Dumpster Fire 3000
Vision-based waste sorting robot with LLM classification and async servo actuation
Winner of Most Useless lol
Summary
Dumpster Fire 3000 is a smart waste-sorting robot that classifies discarded items as recyclable, compost, or waste, then routes them into the correct compartment using a servo-driven mechanism. The system combines computer vision, LLM-based classification, Raspberry Pi actuation, a FastAPI backend, a Postgres database, and a React web app with a gamified Plinko experience.

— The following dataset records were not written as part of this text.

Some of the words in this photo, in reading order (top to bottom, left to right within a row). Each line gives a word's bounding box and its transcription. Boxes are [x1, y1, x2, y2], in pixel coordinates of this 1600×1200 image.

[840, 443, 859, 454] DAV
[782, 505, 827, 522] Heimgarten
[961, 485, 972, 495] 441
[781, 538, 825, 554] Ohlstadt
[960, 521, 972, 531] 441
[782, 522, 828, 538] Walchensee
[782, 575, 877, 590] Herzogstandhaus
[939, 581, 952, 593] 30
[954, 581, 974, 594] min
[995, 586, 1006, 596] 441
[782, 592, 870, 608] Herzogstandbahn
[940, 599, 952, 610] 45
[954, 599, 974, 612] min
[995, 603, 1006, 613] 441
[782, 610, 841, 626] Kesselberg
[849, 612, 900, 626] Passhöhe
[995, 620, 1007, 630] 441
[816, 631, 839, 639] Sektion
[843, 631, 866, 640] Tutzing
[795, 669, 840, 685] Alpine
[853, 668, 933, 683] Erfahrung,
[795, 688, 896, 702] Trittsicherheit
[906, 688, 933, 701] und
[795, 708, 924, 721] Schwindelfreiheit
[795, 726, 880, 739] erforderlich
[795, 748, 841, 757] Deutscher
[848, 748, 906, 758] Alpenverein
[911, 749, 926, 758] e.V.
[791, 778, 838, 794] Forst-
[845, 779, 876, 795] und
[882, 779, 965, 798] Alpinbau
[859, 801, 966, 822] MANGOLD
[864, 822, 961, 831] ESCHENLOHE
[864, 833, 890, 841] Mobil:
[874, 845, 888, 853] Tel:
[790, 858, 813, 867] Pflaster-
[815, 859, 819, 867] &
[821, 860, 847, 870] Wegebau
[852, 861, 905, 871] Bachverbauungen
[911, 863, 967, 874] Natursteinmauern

The project started from a simple observation: people often throw items into the wrong bin, even when recycling and compost options are available. We wanted to make waste disposal easier, faster, and more engaging by turning each drop into an interactive moment.
Inspiration
Our inspiration came from a problem we kept seeing in everyday life: people often do not sort their trash correctly. Sometimes they are in a rush, sometimes they are unsure where an item belongs, and sometimes there is simply no incentive to care.

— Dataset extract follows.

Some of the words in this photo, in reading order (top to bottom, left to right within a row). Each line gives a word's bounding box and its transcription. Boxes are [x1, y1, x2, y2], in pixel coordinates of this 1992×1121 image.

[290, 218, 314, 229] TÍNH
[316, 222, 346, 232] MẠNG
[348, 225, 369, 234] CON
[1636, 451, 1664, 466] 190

Even when the right bins are available, trash still ends up in the wrong place. At the same time, gamified experiences are incredibly effective at capturing attention and motivating behavior. We wanted to use that idea to make proper waste disposal feel fun, interactive, and rewarding.
That led us to build Dumpster Fire 3000: a smart waste-sorting system that makes throwing something away faster, easier, and a little more exciting.
What It Does
When a user drops an item into the bin, Dumpster Fire 3000 detects the drop, captures an image, classifies the item, and physically routes it into the correct compartment.

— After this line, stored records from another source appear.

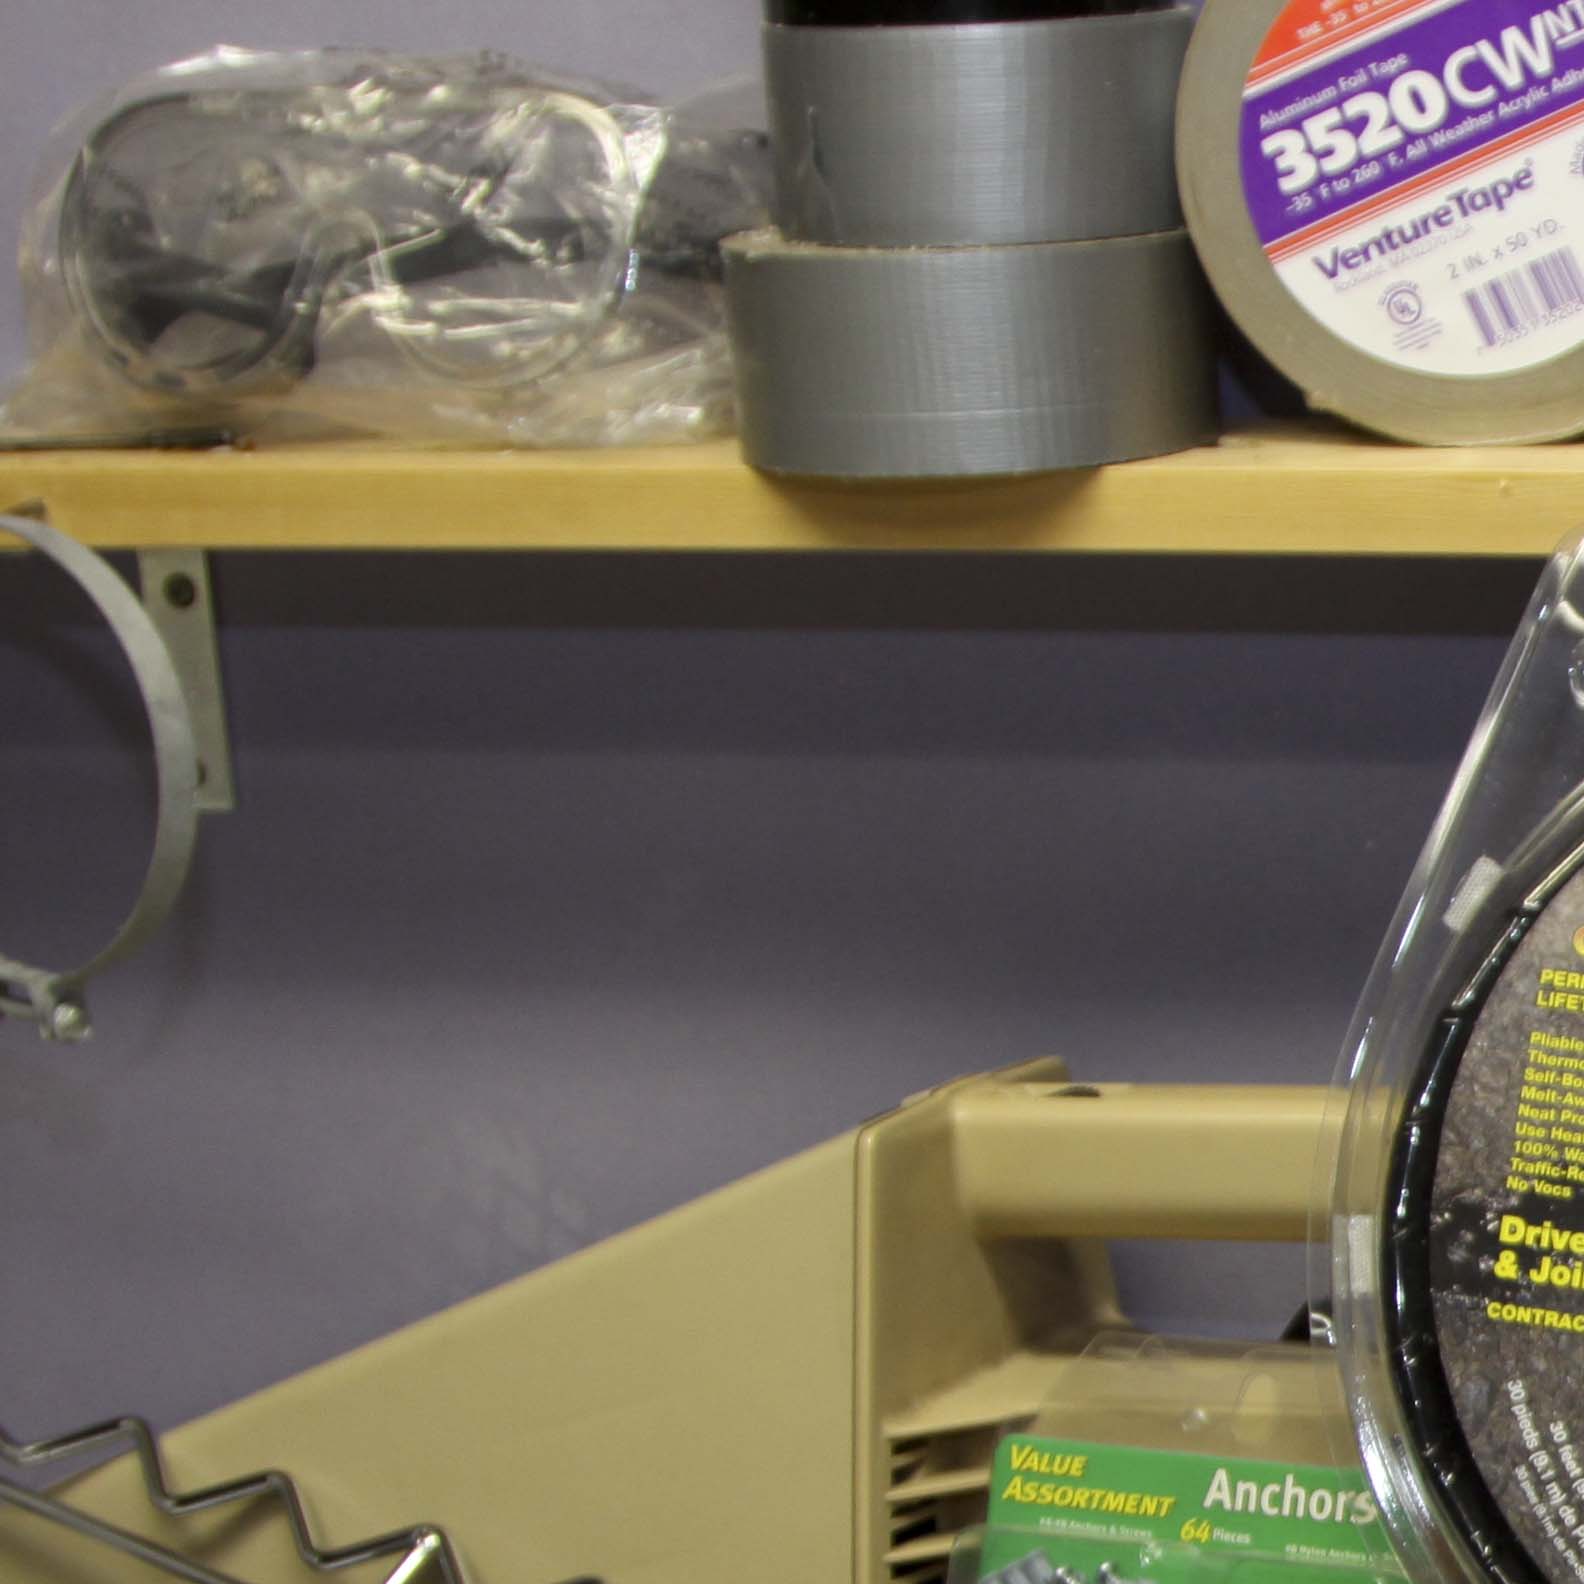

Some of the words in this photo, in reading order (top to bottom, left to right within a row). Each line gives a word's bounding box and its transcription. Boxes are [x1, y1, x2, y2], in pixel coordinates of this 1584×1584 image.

[1258, 84, 1339, 131] Aluminum
[1338, 66, 1370, 92] Foil
[1369, 52, 1410, 81] Tape
[1428, 109, 1496, 150] Weather
[1498, 86, 1550, 121] Acrylic
[1505, 235, 1530, 255] 50
[1518, 1103, 1557, 1121] Neat
[1506, 1175, 1529, 1192] No
[1494, 1250, 1519, 1281] &
[1203, 1468, 1379, 1525] Anchors
[1180, 1518, 1212, 1544] 64
[1213, 1527, 1252, 1545] Pieces

The system supports three disposal categories:
- –Recyclable
- –Compost
- –Waste
A laptop handles vision and classification. Using OpenCV, it watches for a sustained brightness change in the camera feed, which signals that a hand or object has entered the bin. Once triggered, the laptop captures a frame and sends it to Google Gemini using a strict JSON schema with:
- –
predicted_class - –
disposal_category - –
estimated_usd_value
After classification, the laptop sends a sorting command to a Raspberry Pi over WebSockets. The Pi maps the predicted disposal category to a predefined servo choreography, driving three servos through an Adafruit PCA9685 I2C servo controller.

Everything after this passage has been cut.